* [What is needed] The data below should be printed in full, exactly, and without any of its images.

* [Entries supplied]

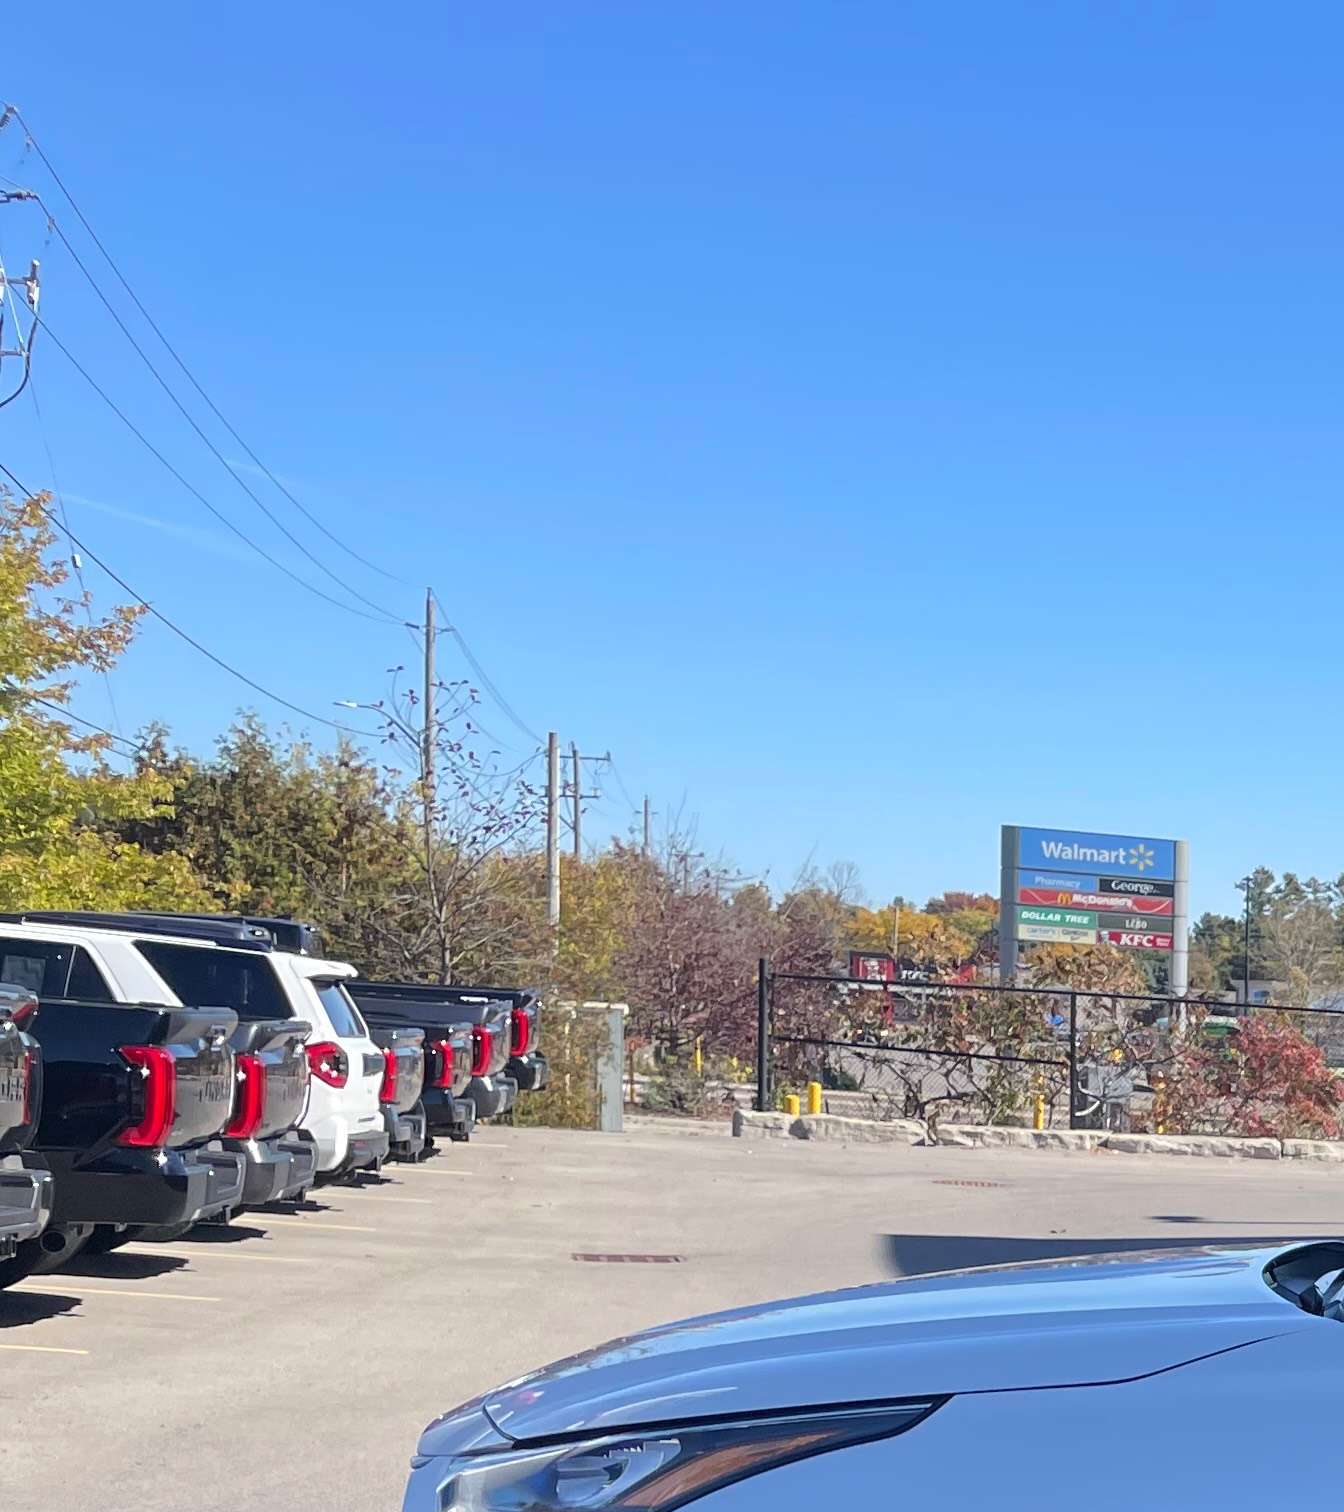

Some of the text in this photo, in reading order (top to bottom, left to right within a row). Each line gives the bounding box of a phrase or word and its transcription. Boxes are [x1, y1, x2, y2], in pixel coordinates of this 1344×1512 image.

[1041, 840, 1127, 865] Walmart
[1034, 876, 1081, 889] Pharmacy
[1111, 880, 1154, 896] George
[1021, 911, 1090, 925] DOLLAR TREE
[1120, 933, 1154, 947] KFC
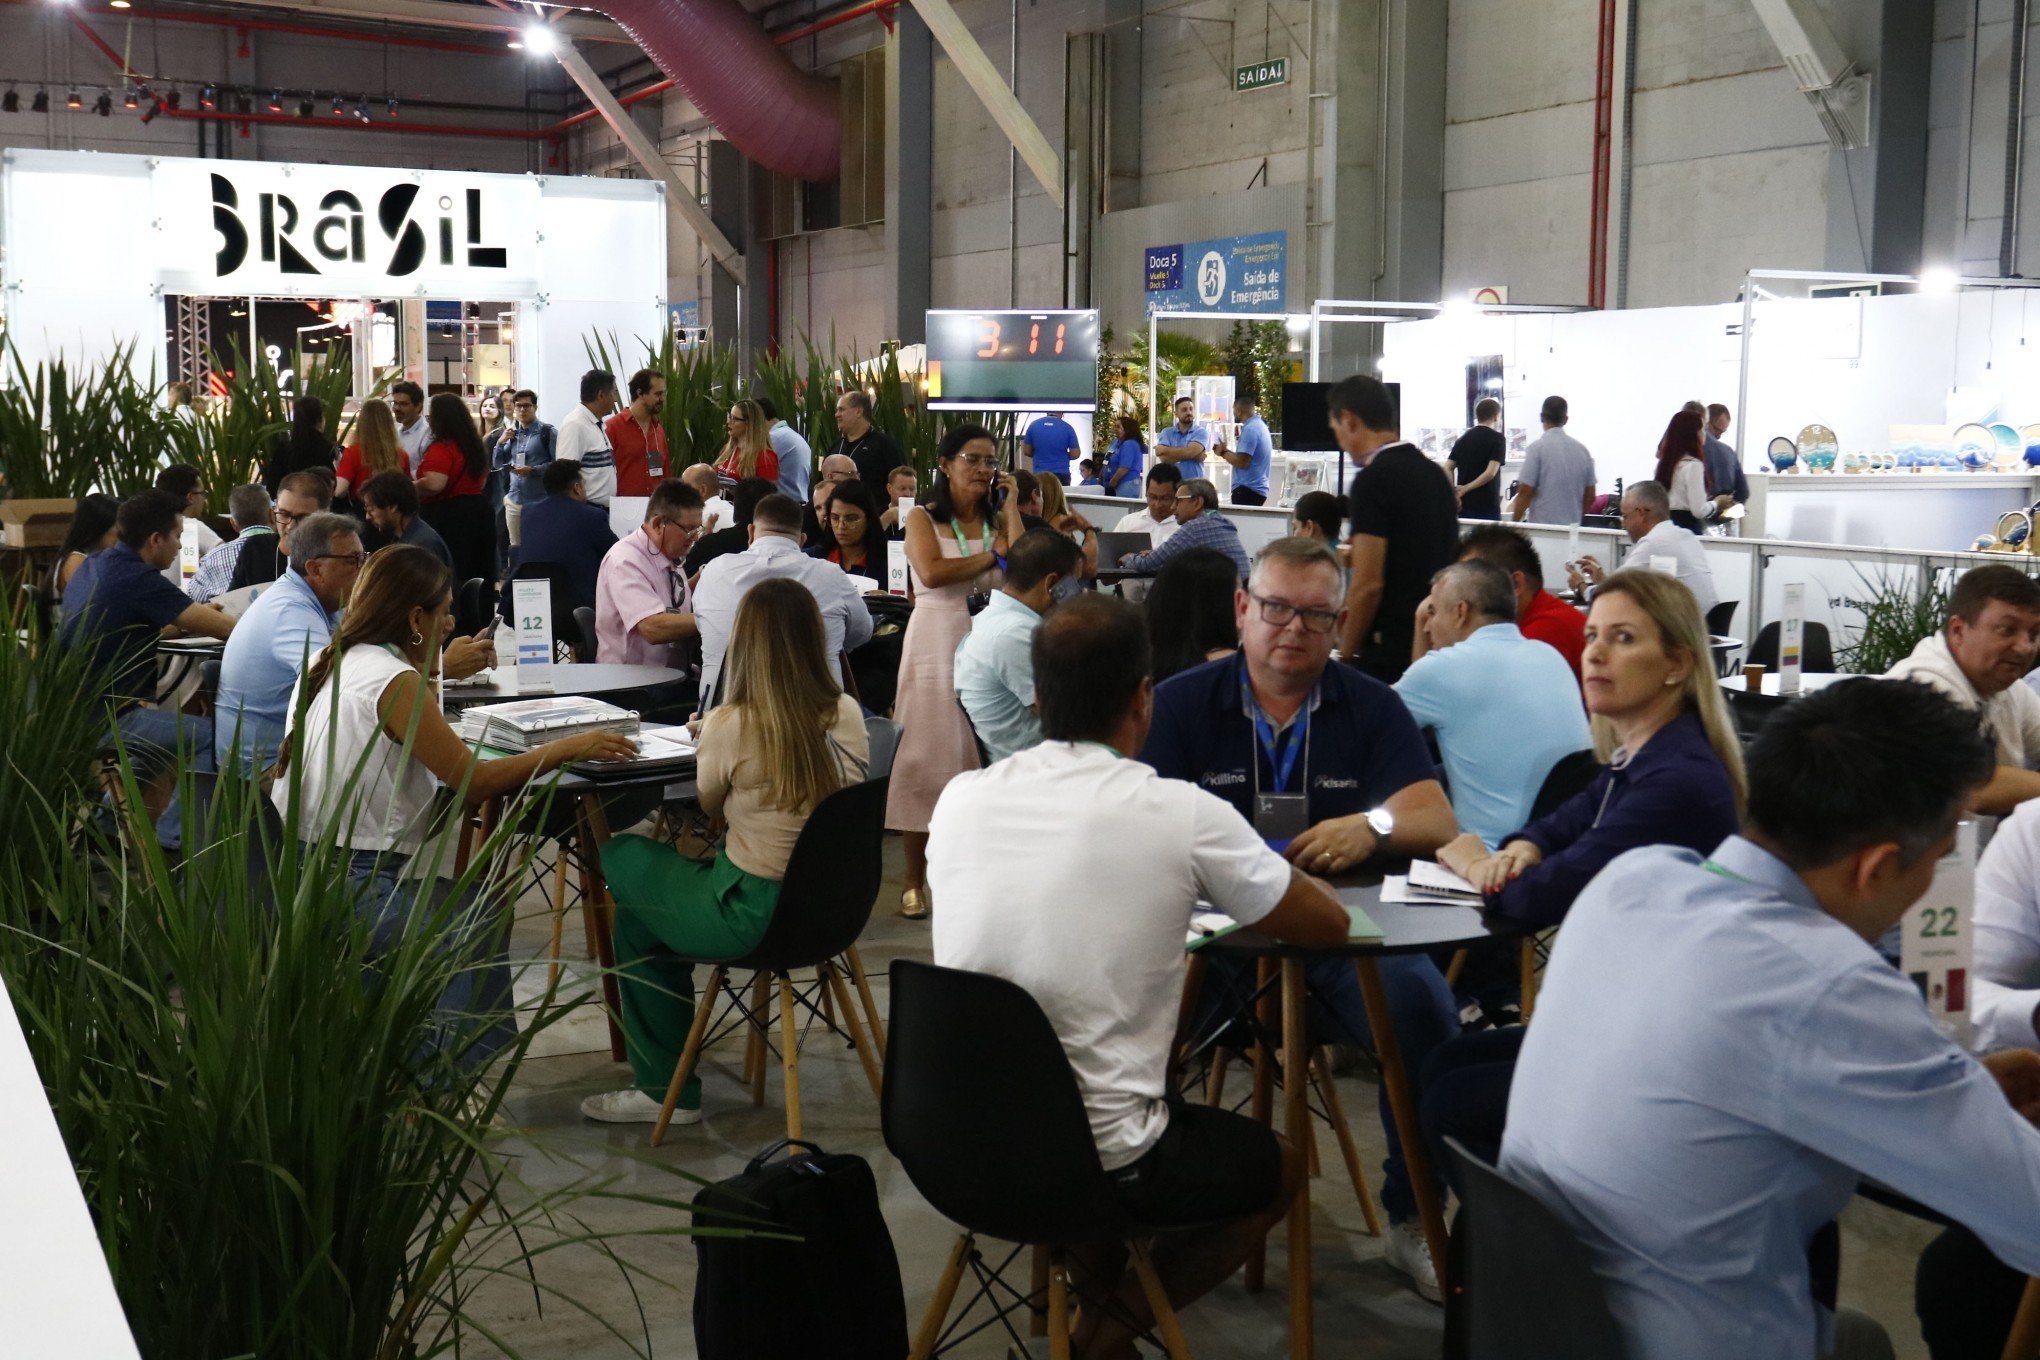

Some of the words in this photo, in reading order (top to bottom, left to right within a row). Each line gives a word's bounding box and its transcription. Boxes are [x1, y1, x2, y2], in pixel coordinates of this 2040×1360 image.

[1239, 65, 1276, 85] SAÍDA
[1149, 255, 1169, 268] Doca
[1171, 253, 1177, 267] 5
[1244, 270, 1266, 286] Saída
[1268, 268, 1279, 282] de
[1231, 287, 1279, 305] Emergência
[977, 319, 1001, 358] 3
[183, 547, 194, 556] 05
[891, 568, 903, 579] 09
[522, 616, 543, 630] 12
[1919, 906, 1958, 938] 22
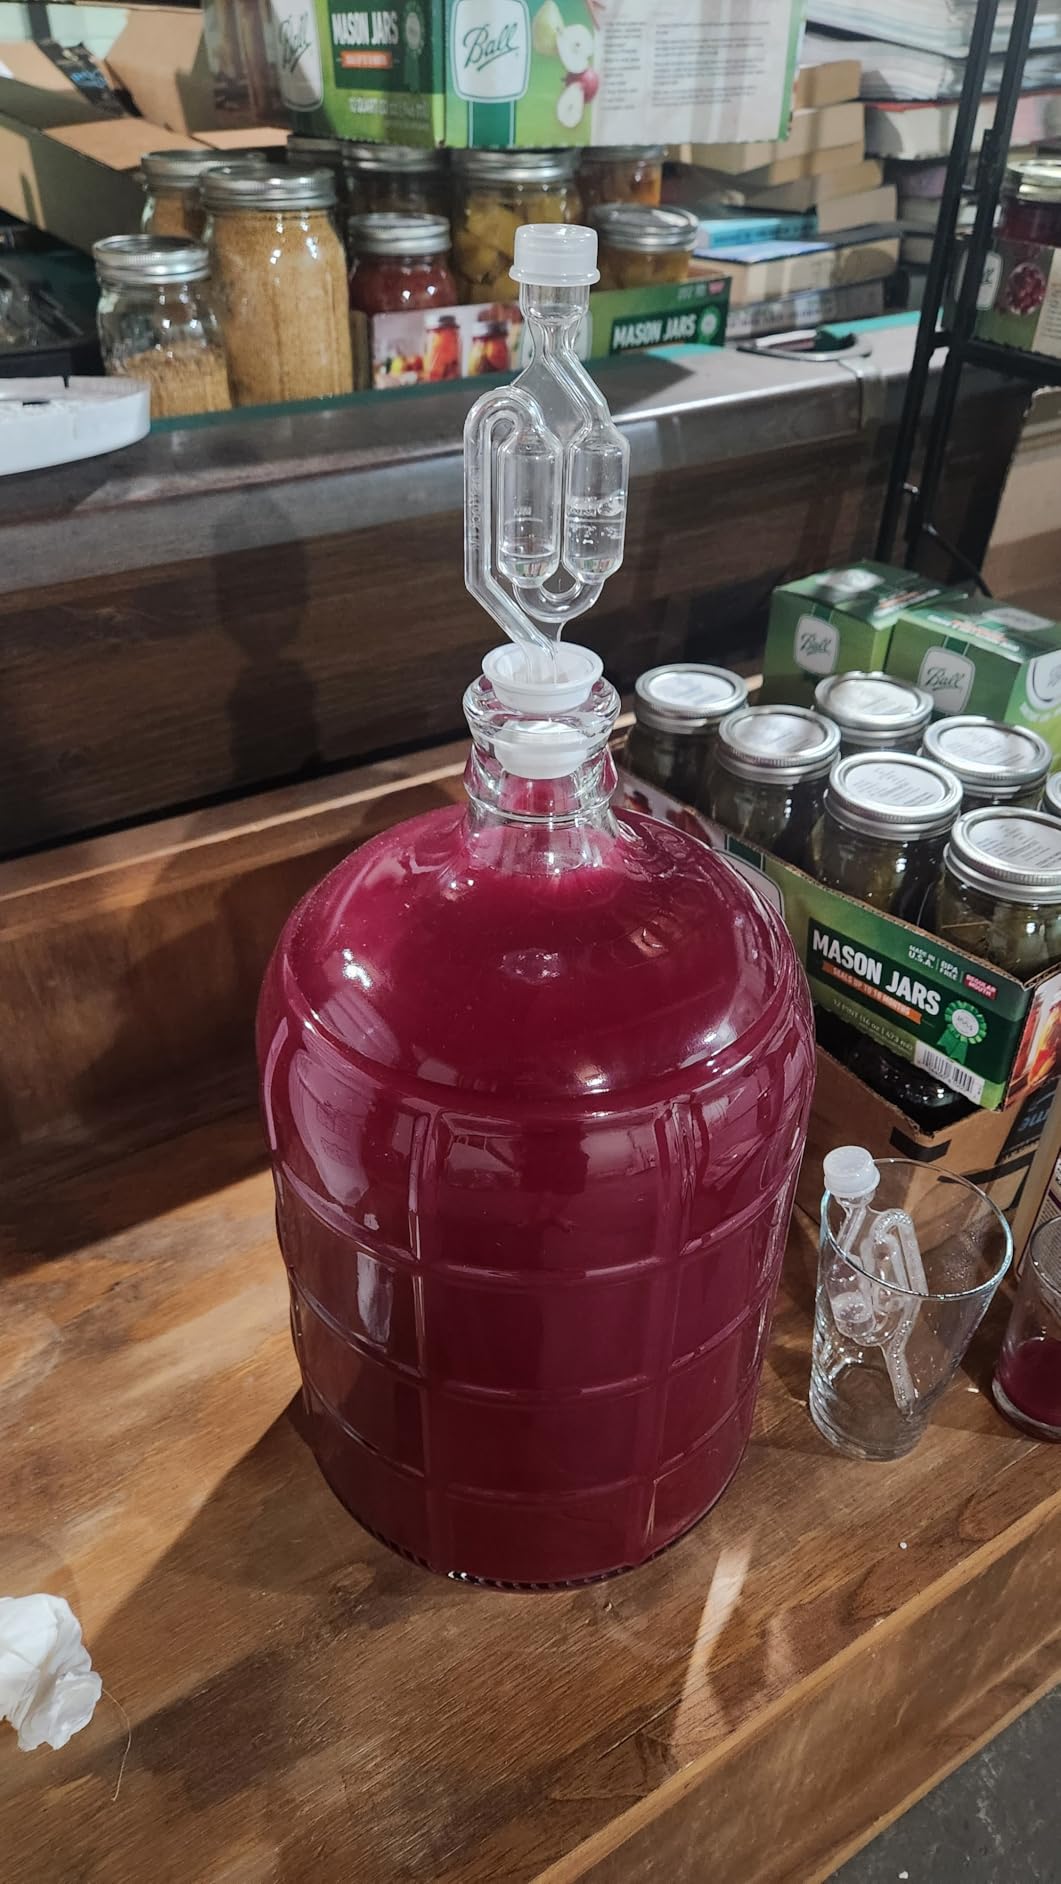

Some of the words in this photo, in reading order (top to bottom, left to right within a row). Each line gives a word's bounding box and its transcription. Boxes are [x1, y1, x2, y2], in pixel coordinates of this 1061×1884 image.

* [Output]
Some of the text in this photo, in reading order (top to bottom, left to right within a row). Each line gives the bounding box of a phrase or word and its transcription. Boxes are [x1, y1, x2, y2], in pixel coordinates of this 1344×1512 image.

[1041, 840, 1127, 865] Walmart
[1034, 876, 1081, 889] Pharmacy
[1111, 880, 1154, 896] George
[1021, 911, 1090, 925] DOLLAR TREE
[1120, 933, 1154, 947] KFC

Some of the words in this photo, in reading order (top to bottom, left to right within a row). Each line gives a word's bounding box and its transcription. Boxes are [x1, y1, x2, y2], in pixel coordinates of this 2040×1360 image.

[1239, 65, 1276, 85] SAÍDA
[1149, 255, 1169, 268] Doca
[1171, 253, 1177, 267] 5
[1244, 270, 1266, 286] Saída
[1268, 268, 1279, 282] de
[1231, 287, 1279, 305] Emergência
[977, 319, 1001, 358] 3
[183, 547, 194, 556] 05
[891, 568, 903, 579] 09
[522, 616, 543, 630] 12
[1919, 906, 1958, 938] 22

Some of the words in this photo, in reading order (top to bottom, left to right within a row). Each line gives a word's bounding box and its transcription. Boxes are [x1, y1, x2, y2], in pixel coordinates of this 1061×1884 image.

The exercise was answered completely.